The Statute, Section 37-247, mandatorily requires that all policies be countersigned by a resident agent of the company. There is no provision in the Statute *582 requiring that an endorsement be countersigned by a resident agent where such is issued for attachment to a policy which has already been duly countersigned in compliance with the Statute. There is nothing in the Statute that evinces an intent on the part of the legislature that an uncountersigned policy or endorsement would be invalid and void; but a violation of such Statute would subject the company to the penalty imposed by Section 37-248 of the Code. It appears to us that if the legislature had intended that the omission of a counter-signature to an endorsement by a resident agent would render such invalid, it would have expressly said so. This it did not do.

In Strawhorn v. Standard Mutual Life Ass'n., 195 S.C. 448, 12 S.E. (2d) 4, an insurance policy was issued providing that such would be subject to the bylaws of the company. At the time of the issuance of the said policy with the afore-said condition, there was in force and effect a statute which provided:

"No association, society or corporation organized for the purpose of insuring its members shall issue any policy or contract of insurance specifying that the by-laws of such society, association or corporation shall become a part of the contract or policy of insurance unless said by-laws are physically incorporated in the contract or policy of insurance * * *."

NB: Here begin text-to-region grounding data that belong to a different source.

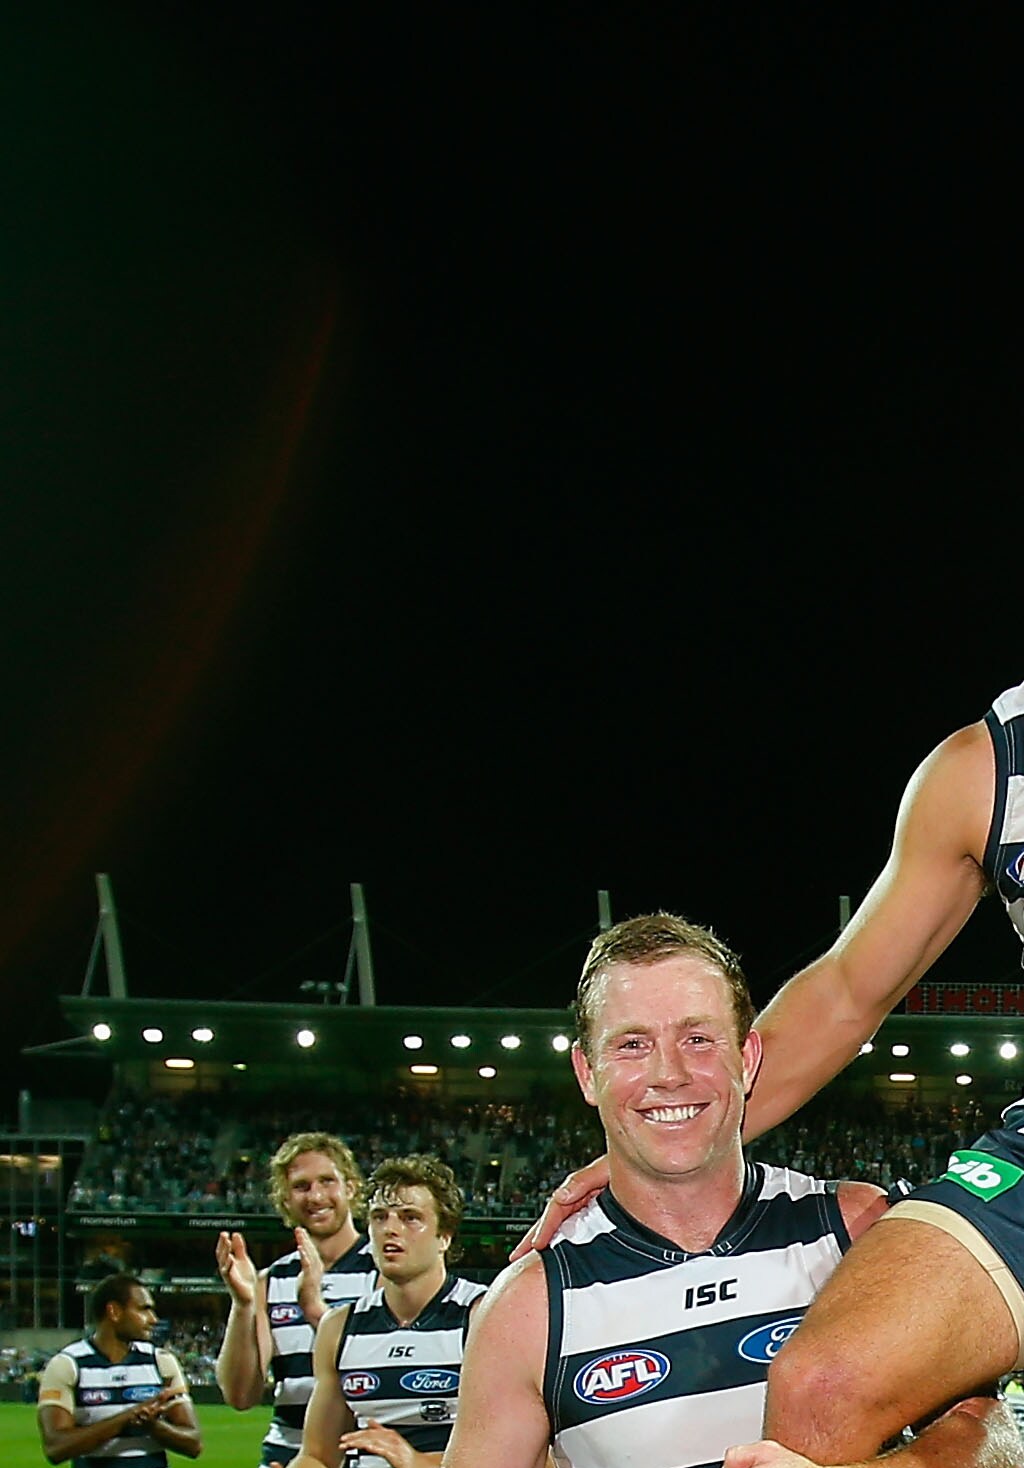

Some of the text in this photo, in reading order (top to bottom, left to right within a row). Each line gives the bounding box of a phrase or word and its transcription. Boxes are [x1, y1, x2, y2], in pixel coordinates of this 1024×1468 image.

[80, 1216, 136, 1225] momentum
[189, 1218, 245, 1227] momentum
[684, 1278, 738, 1310] ISC
[271, 1306, 298, 1320] AFL
[388, 1346, 416, 1358] ISC
[343, 1376, 375, 1391] AFL
[411, 1371, 452, 1389] Ford
[584, 1359, 662, 1397] AFL

We held that even though the policy was issued in violation of the aforesaid Statute, such did not affect its validity because the Statute carried no provision that policies issued in violation thereof would be deemed invalid as between the parties. We think the rationale of this decision dictates that the demurrer in the instant case should have been overruled.

There is no requirement in Section 37-247 that an endorsement to an existing valid policy should be countersigned by a resident agent in order to make such valid. Having reached this conclusion, it follows that the trial judge was in error in sustaining the demurrer interposed by the respondent.